I would like to find a way for the HTML set into the QWebView to access the image. Of course, I could save the image to a temporary file and reference the file in the src attribute of an img tag.

But, as I do not need to keep the image after having displayed it, I wonder if there is a way to access an in-memory Qt image, without passing via a disk file.

I played with the QWebFrame::addToJavaScriptWindowObject() function, but I could not figure out how to tell the img tag to look for its source at the object and not at a file.

Any idea?

Thanks,
M.

GreedyGecko
1st June 2011, 17:36
I have exactly the same problem. Did anyone have a solution?

joyer83
1st June 2011, 19:00
It can be done, but it is not exactly a walk in a park.

The webkit uses QNetworkAccessManager and QNetworkReply internally to download resources like html-pages, images, etc.. from web. What you need to do is to provide your own network reply object to webkit which "downloads" data from the in-memory location.
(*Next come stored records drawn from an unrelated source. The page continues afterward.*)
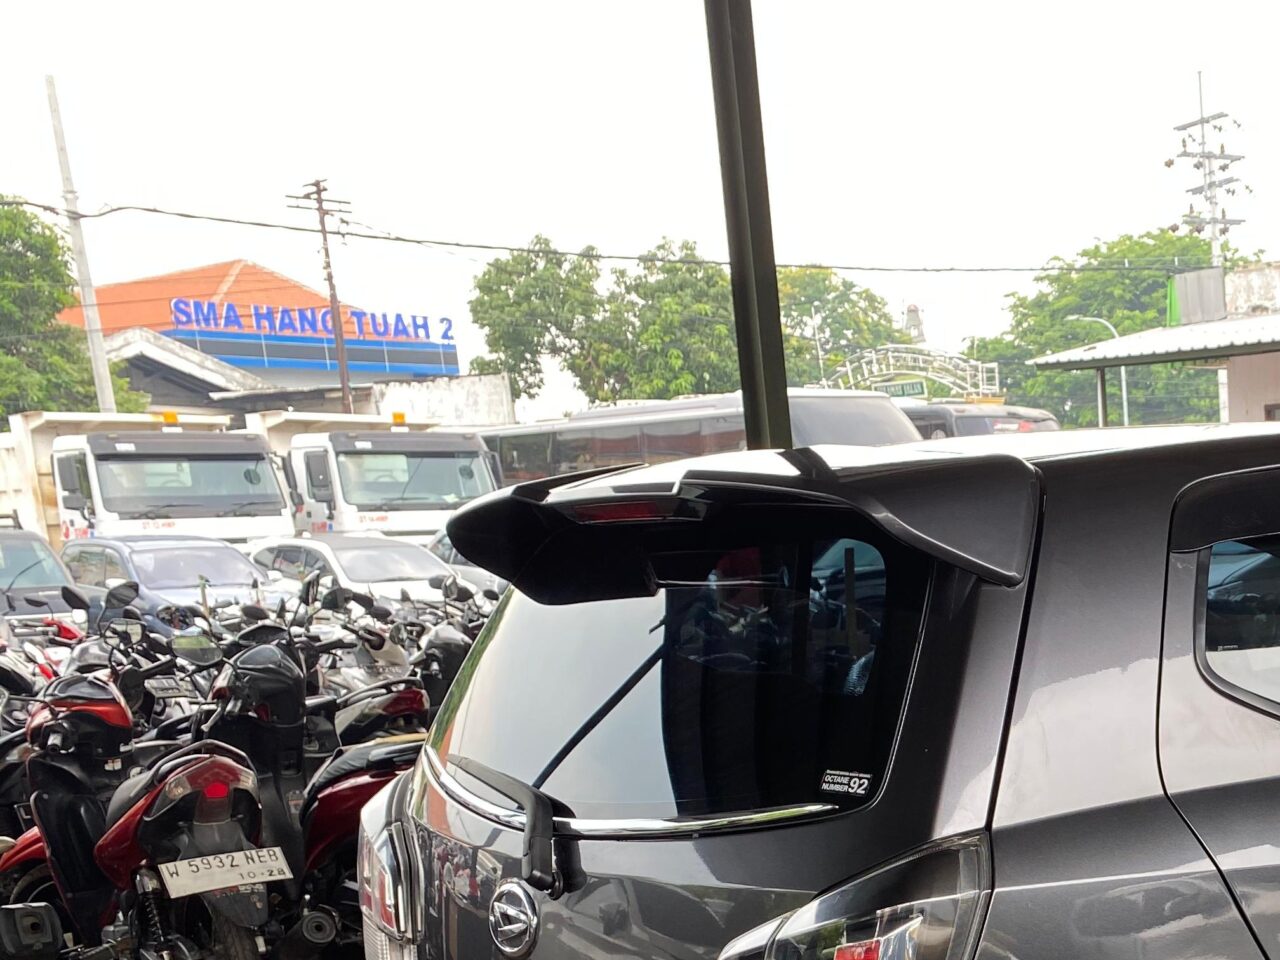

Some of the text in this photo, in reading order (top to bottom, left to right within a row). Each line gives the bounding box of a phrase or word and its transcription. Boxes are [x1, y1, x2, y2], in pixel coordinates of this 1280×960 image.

[171, 298, 243, 329] SMA
[351, 310, 430, 340] TUAH
[440, 317, 454, 340] 2
[821, 782, 849, 792] NUMBER
[825, 775, 850, 784] OCTANE
[848, 777, 869, 794] 92
[166, 848, 279, 878] W 5932 NEB
So, first derive a new class from QNetworkReply and reimplement it so that it returns data from the in-memory location. Also, remember that webkit will expect the returned data to be a HTML-response, with all the correct HTTP-headers included.

Then derive a new class from QNetworkAccessManager and reimplement its method QNetworkReply *createRequest( Operation op, const QNetworkRequest & req, QIODevice * outgoingData = 0 ). Inside that factory method you can create and initialize an object from your network reply class and then return it to caller.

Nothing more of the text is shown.